For models of abelisaurids and other theropods: CollectA Age of Dinosaurs Popular Models.

Stromer’s Riddle

The fossil is from the Kem Kem Formation of Morocco, that part of the deposit that has been dated to the Cenomanian faunal stage or the Cretaceous (Cenomanian faunal stage around  100 million to 93.5 million years ago approximately).  The beginning of the Cenomanian marks the start of the Late Cretaceous as defined by the International Commission on Stratigraphy.  The scientific paper concludes that the abelisaurids had indeed reached their largest body size by the “Middle Cretaceous” and that abelisaurs did co-exist with a number of other gigantic Theropods in Africa during this time.
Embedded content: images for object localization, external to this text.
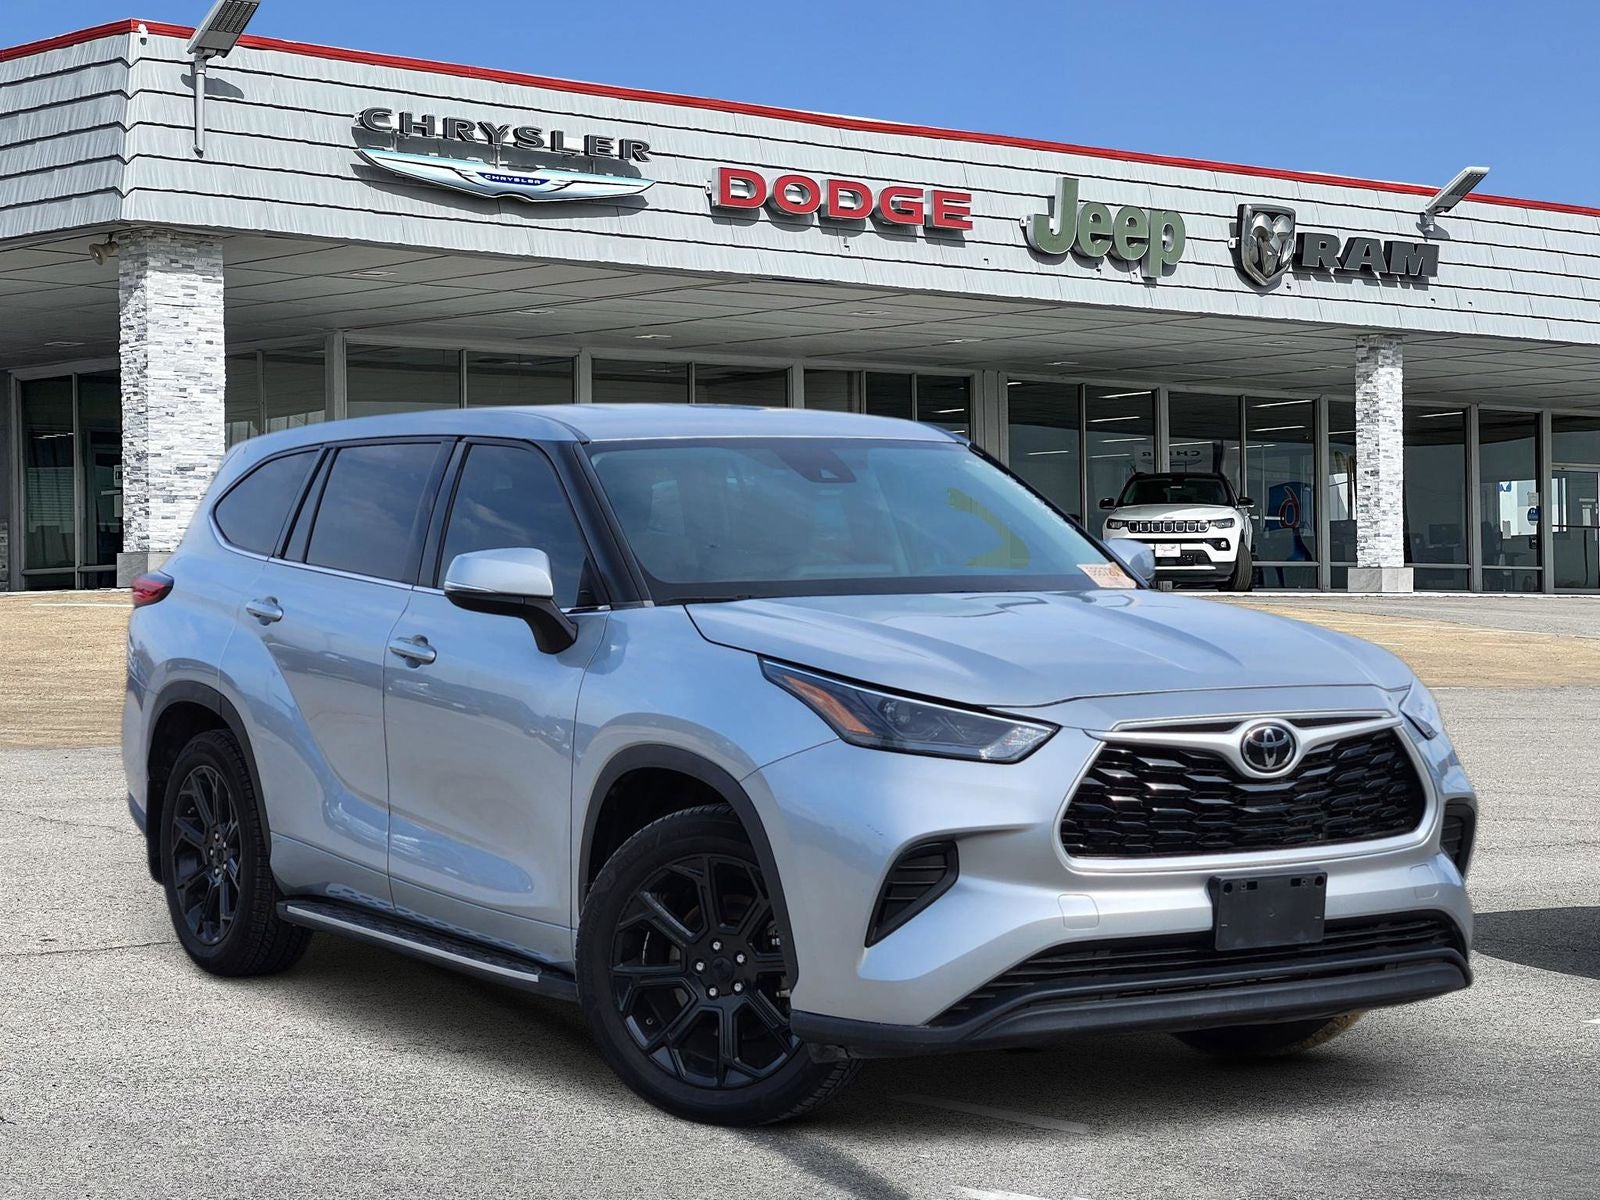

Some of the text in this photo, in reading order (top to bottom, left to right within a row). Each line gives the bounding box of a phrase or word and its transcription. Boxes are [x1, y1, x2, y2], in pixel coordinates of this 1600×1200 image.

[358, 107, 651, 162] CHRYSLER
[484, 174, 541, 185] CHRYSLER
[713, 167, 974, 232] DODGE
[1028, 177, 1187, 278] Jeep
[1296, 232, 1440, 277] RAM
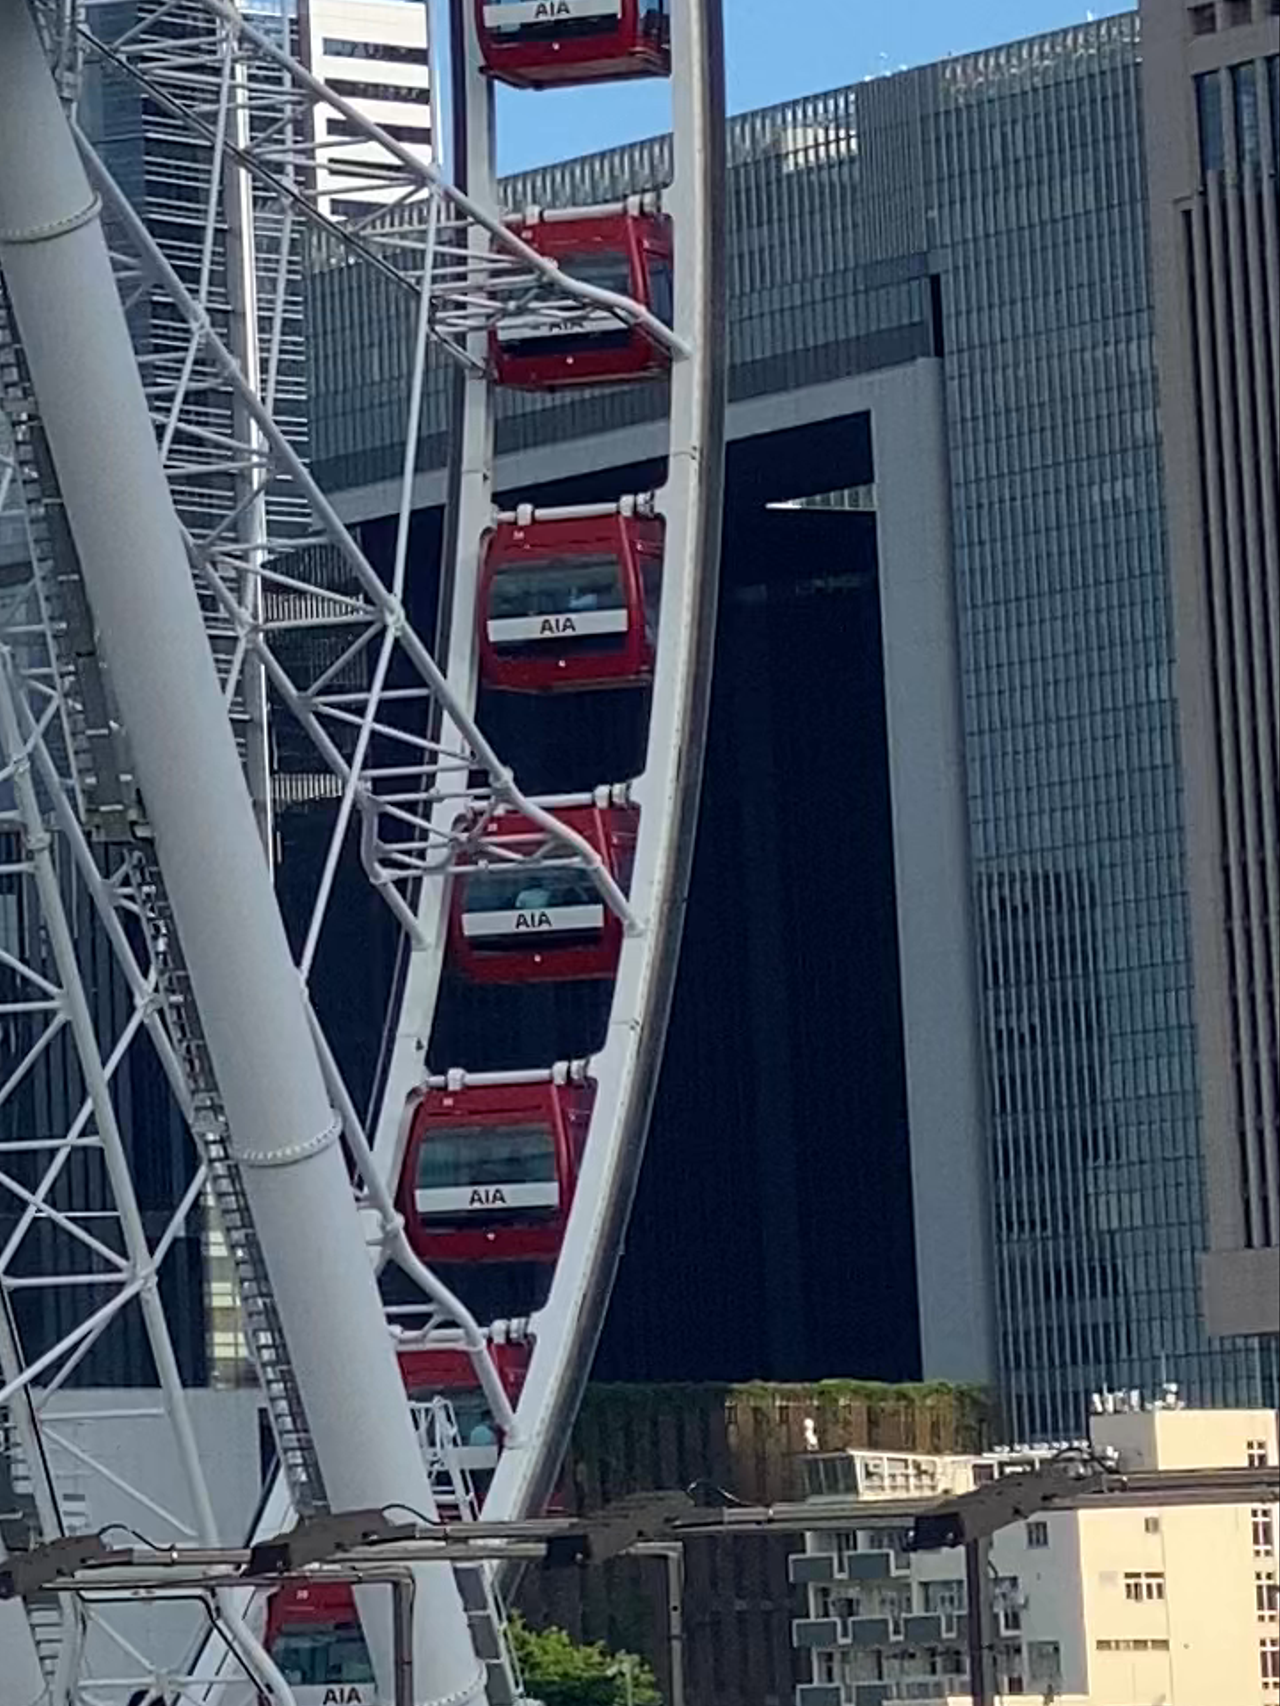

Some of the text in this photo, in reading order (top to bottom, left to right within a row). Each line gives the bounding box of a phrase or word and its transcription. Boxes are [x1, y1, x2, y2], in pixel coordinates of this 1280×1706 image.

[534, 0, 571, 19] AIA
[540, 615, 576, 635] AIA
[515, 910, 552, 932] AIA
[469, 1187, 506, 1207] AIA
[322, 1687, 362, 1706] AIA
Different Types of Meat-eating Dinosaur were Coeval

The number of different types of meat-eating dinosaur all living together in Africa during this part of the Cretaceous has posed a puzzle for palaeontologists.  The puzzle is named after Ernst Freiherr Stromer von Reichenbach, the German palaeontologist who first brought North African dinosaurs to prominence.  Spinosaurids, members of the Ceratosauria clade (Deltadromeus), Carcharodontosauridae dinosaurs and abelisaurids all seem to have been present in this part of the world.
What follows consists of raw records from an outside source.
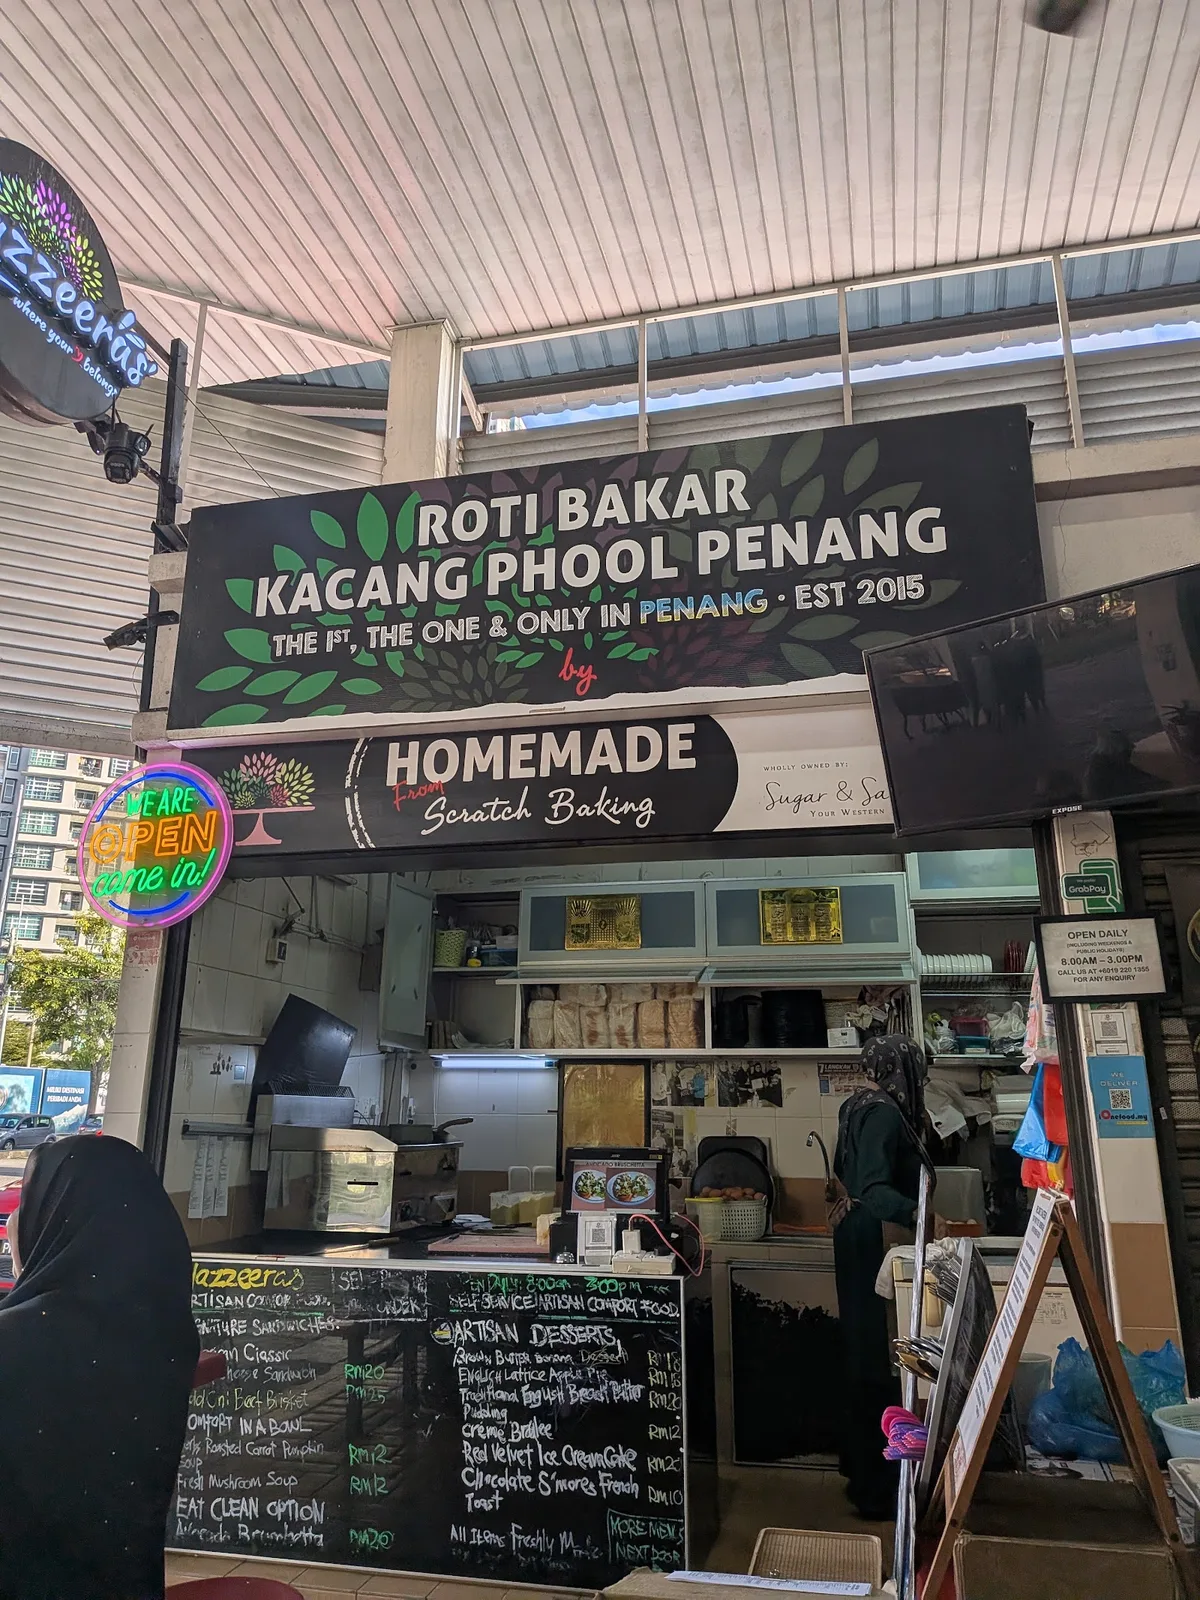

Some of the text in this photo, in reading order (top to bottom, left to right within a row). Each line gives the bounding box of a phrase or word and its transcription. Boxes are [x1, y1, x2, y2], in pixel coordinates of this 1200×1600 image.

[13, 296, 47, 332] where
[46, 328, 74, 355] your
[418, 469, 751, 547] ROTI BAKAR
[255, 507, 948, 618] KACANG PHOOL PENANG
[273, 632, 318, 657] THE
[367, 624, 413, 650] THE
[422, 617, 480, 644] ONE
[489, 615, 507, 638] &
[517, 606, 591, 634] ONLY
[601, 602, 631, 628] IN
[640, 588, 768, 624] PENANG
[795, 581, 846, 610] EST
[857, 573, 926, 606] 2015
[558, 647, 597, 696] by
[386, 722, 697, 787] HOMEMADE
[763, 764, 796, 772] WHOLLY
[800, 762, 830, 770] OWNED
[127, 787, 196, 816] WE ARE
[392, 780, 445, 813] From
[765, 776, 890, 814] Sugar & Sa
[1052, 804, 1083, 814] EXPOSE
[420, 785, 656, 836] Scratch Baking
[90, 811, 217, 865] OPEN
[92, 848, 217, 897] come in!
[1068, 885, 1106, 894] GrabPay
[1067, 929, 1129, 940] OPEN DAILY
[1061, 957, 1097, 966] 8.00AM
[1107, 955, 1143, 964] 3.00PM
[1104, 974, 1136, 982] ENQUIRY
[452, 1319, 520, 1347] ARTISAN
[222, 1364, 259, 1381] heese
[187, 1413, 313, 1437] OMFORT IN A BOWL
[462, 1440, 488, 1467] Red
[491, 1442, 534, 1469] Velvet
[538, 1444, 561, 1467] Ice
[209, 1473, 262, 1491] Mushroom
[265, 1470, 299, 1494] Soup
[461, 1467, 536, 1494] Chocolate
[598, 1470, 640, 1499] French
[176, 1494, 206, 1520] EAT
[210, 1497, 260, 1523] CLEAN
[465, 1489, 504, 1513] Toast
[450, 1523, 467, 1544] All
[510, 1522, 555, 1557] Freshly
[610, 1516, 648, 1539] MORE
[616, 1541, 649, 1561] NEXT
The researchers examine this phenomenon and using comparisons with theropod lineages from South America, they deduce that these large super-predators probably did not overlap, with a number occupying different niches in the food chain, or living in different habitats.  Niche partitioning did very probably occur, however, studies of the skulls and teeth between abelisaurids and the carcharodontosaurids such as the mighty Carcharodontosaurus iguidensis indicates that these types of dinosaurs did probably compete directly for resources.

Further fossil finds and more research will need to be undertaken before a better understanding of the interactions between these theropods can be achieved.